TEMBA Mliswa faces major headaches in the event that he is accepted to lead a faction of the Zimbabwe People First (ZPF) party.
The country’s laws do not accept floor-crossing, which means that the moment Mliswa takes up the opposition party’s leadership, he would cease to be an independent Member of Parliament for Norton — a constituency he gave his all to win last October.
He might not want to let go, which would put him at loggerheads with the constituency that voted him into Parliament as an independent lawmaker.
But assuming the Norton constituency does not raise dust about it, his presence in the legislature might not sit well with his rivals in ZANU-PF and the Speaker of the National Assembly, Jacob Mudenda, who might invoke relevant processes to declare his seat vacant.
In terms of Section 129(1) of the Constitution, an MP’s seat becomes vacant, “if the member, not having been a member of a political party when he or she was elected to Parliament, becomes a member of a political party”.
While the Constitution is clear on this, there is already a precedence where this has not been the case, which could work in Mliswa’s favour.
For example, the re-admission of independent MP for Mudzi South constituency Jonathan Samkange into ZANU-PF after the 2013 polls should have seen him automatically losing his parliamentary seat in line with the new Constitution.
At the time of polls in 2013, Samkange had been dismissed from ZANU-PF and contested as an independent candidate. Although the matter was raised in Parliament by Movement for Democratic Change (MDC-T) chief whip, Innocent Gonese, Mudenda did not act, saying he was waiting for the ruling party to notify him in writing.
That did not happen and Samkange is still an MP to this day.
In Mliswa’s case though, he might not get away with it in view of his fallout with ZANU-PF and that he has become one of President Robert Mugabe’s fiercest critics ever since his dismissal from the ruling party in 2014.
ZANU-PF has previously been accused of only applying the Constitution when it suits its agenda.
“It is not a secret that we are dealing with a party that has no respect of the Constitution. They will duck and dive when it comes to provisions which do not serve their interests. We cannot have a leadership which respects the law only when it is in its favour,” MDC- T spokesperson, Obert Gutu, was once quoted saying.

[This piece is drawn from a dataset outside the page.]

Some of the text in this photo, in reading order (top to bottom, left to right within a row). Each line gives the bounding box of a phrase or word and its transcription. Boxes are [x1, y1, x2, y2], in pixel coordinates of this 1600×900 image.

This week, the Zimbabwe Electoral Commission (ZEC) washed its hands saying the legislature, through its standing rules, should know how to deal with an independent parliamentarian who decides to join a political party.

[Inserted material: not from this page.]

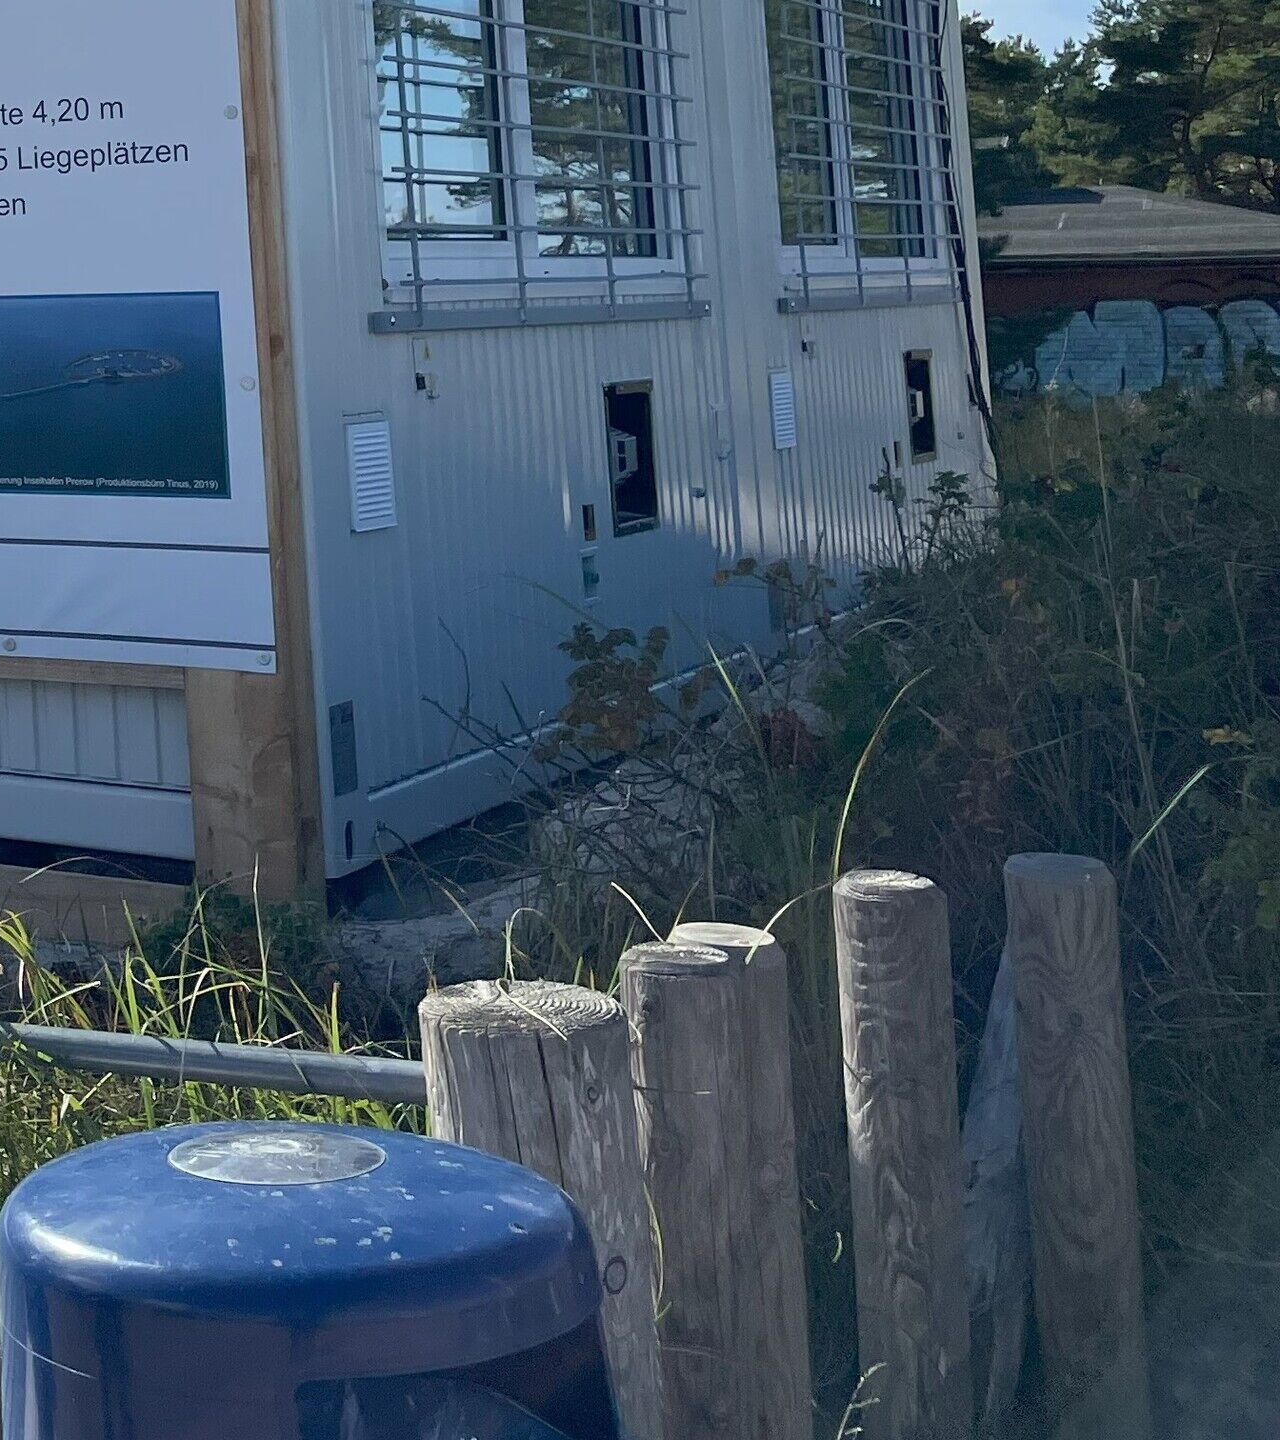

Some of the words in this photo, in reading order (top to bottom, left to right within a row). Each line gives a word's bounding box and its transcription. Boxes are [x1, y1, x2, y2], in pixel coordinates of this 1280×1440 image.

[31, 97, 89, 127] 4,20
[99, 101, 124, 120] m
[17, 141, 189, 175] Liegeplätzen

“That is for Parliament to answer on whether to treat that person as an independent or a member of a party because once we have an election result, we are done – whatever happens after that is now for Parliament to interpret their own rules,” said ZEC chairperson, Rita Makarau.

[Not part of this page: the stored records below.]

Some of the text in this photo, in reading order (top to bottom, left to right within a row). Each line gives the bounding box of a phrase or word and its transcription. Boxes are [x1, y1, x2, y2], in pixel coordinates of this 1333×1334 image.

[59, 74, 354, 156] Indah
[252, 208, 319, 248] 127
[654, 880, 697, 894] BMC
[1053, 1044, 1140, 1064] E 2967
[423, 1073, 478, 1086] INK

Mudenda passed the buck when contacted for comment on Tuesday saying; “We need to consult ZEC on that one because they are the ones that register candidates”.
Chairperson of the Legal and Procedural Affairs Committee of the Standing Rules and Orders Committee, Nelson Chamisa said if an independent MP joins a political party they automatically lose their seat according to section 129(1) of the supreme law.
“The Constitution says they lose their seat because they are no longer a member of the House of Assembly under which they won the seat. The door that brought you to Parliament should keep you,” said Chamisa.
“No one can change it,” he added.
Born September 1, 1971, Mliswa broke into public limelight as a rugby coach and fitness trainer.
He later took a detour into business, through his Saltlakes Holdings, which owns his Spring Farm in Karoi.Before his dismissal from ZANU-PF, he was the party’s provincial chairman for Mashonaland West.
Following his ouster, he launched Youth Advocacy for Reform and Democracy in October 2015.
Short in stature but long in action, Mliswa has no permanent friends but unalterable interests, which makes him a tricky politician loved and hated in equal measure.
While concurring with Gumbo that there was need for fresh blood at the helm of ZPF, political analyst, Vince Musewe, said it was inevitable that Mliswa would end up at ZPF since he was Mutasa’s nephew.
“It is not surprising that they want him because Mliswa is Mutasa’s nephew,” he said. “Those (Gumbo and Mutasa) are old people and they should let go. No one in Zimbabwe is interested in them because their culture has not changed. They need a young person who can appeal to young voters. We need young people with a fresh vision for Zimbabwe.”
Political scientist, Eldred Masunungure, this week said no party should take Mliswa seriously either as a member or leader because he was still to reform from his flip-flopping tendencies.
“I don’t think it will be a productive move for any party or faction to invite him to join them as a member and much more as a leader of the party. He is volatile and inconsistent in terms of his stance whether in ZANU-PF, ZPF or in his own outfit,” he said.
As ZPF elders sit to discuss the possibility of engaging the politician as their leader, there is no doubt that the topic is a divisive one for Mliswa is a controversial figure.
If they want consistency and persistency, Mliswa may not fit the bill. But if they want a mercurial leader, who can match hardliners in ZANU-PF in terms of courage and unorthodox politics, then they should look no further than Mliswa.